Open to trying this out, and it might be quicker to get something
working with kexec than working in the loader. Actually, doing it this
way would open the doors to having the initial kernel load a small
graphical environment to prompt for a password for decrypting the
drive/swap file, rather than having to shove this in loader. This is
what systemd-ask-password-plymouth does, though I don't know if any
Linux distros support this on resuming from hibernate. Maybe a little
heavy though vs putting in loader.

phk@, I like the idea of operating at the kernel/userland boundary,
but this would make resuming from S4 have pretty high latency right?
How would passing driver state from the previous kernel to the new one
work in practice without first initializing the driver? We couldn't
just suspend/resume in this case I guess.


On Wed, 27 Aug 2025 at 21:38, Poul-Henning Kamp <phk@phk.freebsd.dk> wrote:
>
> --------
> Warner Losh writes:
>
> > The the extent you can do it, even to the extent of heroics, you don't want
> > to destroy and recreate geom_disks.
> > […]
> > but once destroyed, the upper layers are orphaned and there's
> > no way to recreate them.
>
> In terms of "getting to S4" I agree 100%, but I dont think
> the road should end there.
>
> It was a design decision that geom treat all arriving disk as "a
> new disk", because apart from a few tour-de-force academic exercises,
> all current filesystems assume the existence of a "mount-session"

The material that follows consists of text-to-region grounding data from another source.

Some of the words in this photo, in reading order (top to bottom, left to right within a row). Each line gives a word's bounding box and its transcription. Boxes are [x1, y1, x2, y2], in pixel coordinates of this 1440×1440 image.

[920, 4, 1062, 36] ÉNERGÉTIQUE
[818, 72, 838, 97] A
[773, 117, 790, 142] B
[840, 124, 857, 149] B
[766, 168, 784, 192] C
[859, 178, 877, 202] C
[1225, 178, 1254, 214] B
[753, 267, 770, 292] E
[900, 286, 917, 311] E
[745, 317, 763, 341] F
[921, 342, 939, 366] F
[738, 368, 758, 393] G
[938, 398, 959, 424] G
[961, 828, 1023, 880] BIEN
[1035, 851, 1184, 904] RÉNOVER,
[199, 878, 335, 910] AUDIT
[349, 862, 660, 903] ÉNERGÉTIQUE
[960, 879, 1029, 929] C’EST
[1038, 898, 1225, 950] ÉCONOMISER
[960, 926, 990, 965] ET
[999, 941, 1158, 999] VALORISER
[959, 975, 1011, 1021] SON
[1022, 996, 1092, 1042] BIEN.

> during which they are in supreme control of the content of their
> underlying block-store, and there no useful way to determine if the
> block-store was modified while not under our control.
>
> We reasonably expect that nobody mess with our disks while in S3,
> even though much modern hardware would allow it, and again, that
> can help us "get to S4".
>
>
> However, in "real S4" filesystems need to learn to suspend, and to
> resume when geom-tasting offers up a provider which contains their
> data - even if all other aspects of that provider is different.
>
> But...
>
> If it were up to me, S4 suspend would operate at the kernel/user-land
> boundary and not the of kernel/hardware boundary.
>
> Ideally we own one side of the kernel/hardware boundary and the
> other side is well documented.
>
> In practice:  Not so much.
>
> In comparison we own 100% of both sides of the kernel/user-land
> boundary - nothing can prevent us from making it work.
>
>
> Suspend:
>
> * Send all processes SIGSUSPEND which defaults to calling a new
>   "zzz(2)" syscall.  Smart procs catch and do something sensible first.
>
> * Pause any processes that did not take the hint.
>
> * EAGAIN all userland threads in the kernel up to the syscall level.
>
> * Save all processes to storage along with their kernel state.
>
> * Save global kernel state to storage.
>
> * Tell the firmware to go ahead.
>
>
> Resume:
>
> * Boot a kernel on some hardware.
>   Usually the same kernel on the same hardware, but
>   it doesn't have to be (!)
>
> * Instead of /sbin/init execute /sbin/resume, which:
>
> * replays global kernel state
>
> * reloads the saved processes
>
> * replays their individual kernel state (open files etc.)
>
> * Mark their zzz(2) as done and hand them to the scheduler.
>   Smart processes do smart thing when zzz(2) returns.
>
> * Send the EAGAIN user threads in syscall level back down.
>
>
> The kernel state to be saved amounts to something like:
>
> Per process:
>
> * open filedescriptors, including filesystem state
> * mapped files
> * POSIX IPC and SHMEM
> * AF_UNIX sockets (& pipes)
> * Per process device driver state.
>
> Global:
>
> * mounts
> * sysctls
> * jails
> * network interface and route config
> * device driver state, as required.
>
> Poul-Henning
>
> --
> Poul-Henning Kamp       | UNIX since Zilog Zeus 3.20
> phk@FreeBSD.ORG         | TCP/IP since RFC 956
> FreeBSD committer       | BSD since 4.3-tahoe
> Never attribute to malice what can adequately be explained by incompetence.